Dia menyebutkan sejumlah kendala dalam sertifikasi BMN yang dihadapi diantaranya tumpah tindih lahan seperti status lahan yang tadinya hutan biasa yang kemudian ditetapkan menjadi kawasan hutan konservasi atau cagar budaya sementara kegiatan hulu migas sudah lebih dulu dilakukan.

"Sekarang ini kami koordinasi dengan Kementerian LHK terhadap kegiatan hulu yang sudah eksisting. Kalau masuk hutan lindung atau hutan produksi itu masih bisa tapi sulit kalau dia masuk hutan konservasi dan cagar alam. Yang boleh ada kegiatan luar kehutan itu hanya panas bumi. Kami harapan ini sama karena ini juga kegiatan hulu harapan kami dikeluarkan dari kegiatan kehutanan," jelasnya.

Ada pula kasus seperti yang dialami Vico yakni sumur dan pipa minyak masuk di areal bendungan Marangkayu , Bontang yang dikerjakan Dinas pekerjaan Umum.

"Ini belum ada titik temu soal ini. Kalau kami hapuskan BMN itu harus ada persetujuan menteri Keuangan dan tidak semudah membalik tangan karena disitu ada fasilitas hulu migas yang produksi minyak dan gas yang nantinya berikan pendapatan pada negara. Kalau persoalan dengan kantor tanah hal ini masih berjalan baik sesuai rule dicapai," ujarnya.

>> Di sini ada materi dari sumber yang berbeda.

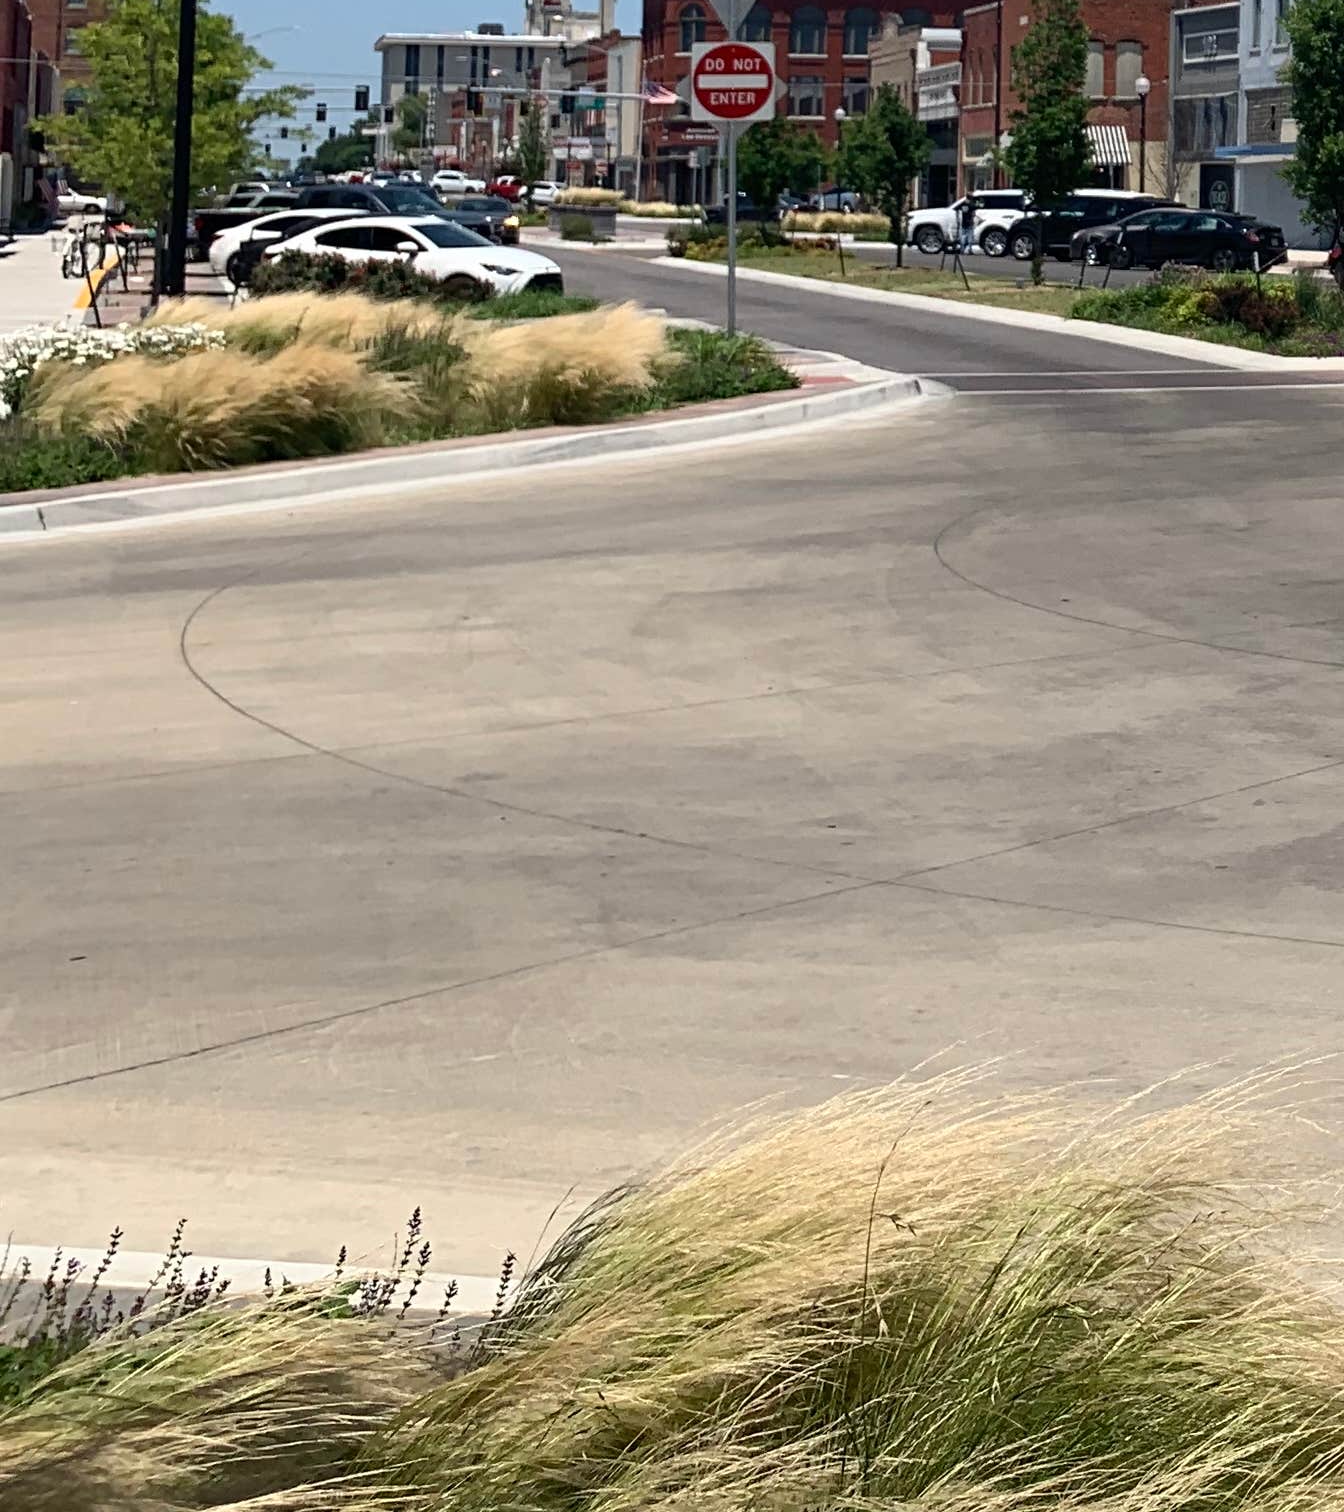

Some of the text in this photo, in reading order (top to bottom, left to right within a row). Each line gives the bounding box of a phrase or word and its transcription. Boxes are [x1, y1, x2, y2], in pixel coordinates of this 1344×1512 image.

Persoalan lainnya terang Wahyu yakni masalah luasan hasil pengukuran tanah. Biasanya penentuannya tanah, perubahan diakibatkan dari faktor alam dan faktor ukur. Karena hasil BNM yang dibebaskan ini sudah lama yang dulunya administrasi pelepasannya belum sesuai kaidah tanah saat ini.

"Ini yang cukup sulit penuhi syarat-syarat yang harus dipenuhi di kantor tanah. Karena pelepasan sudah lama. Ini yang harus pemahaman bersama. Dan kami sekarang lagi penuhi syarat-syarat dokumen itu," jelasnya.

Dia mengakui masih ada pihak ketiga (yang menguasai atas tanah-tanah KKKS) yang belum memahami sertifikasi pada kegiatan hulu migas bahwa aset berupa tanah itu akan menjadi BMN.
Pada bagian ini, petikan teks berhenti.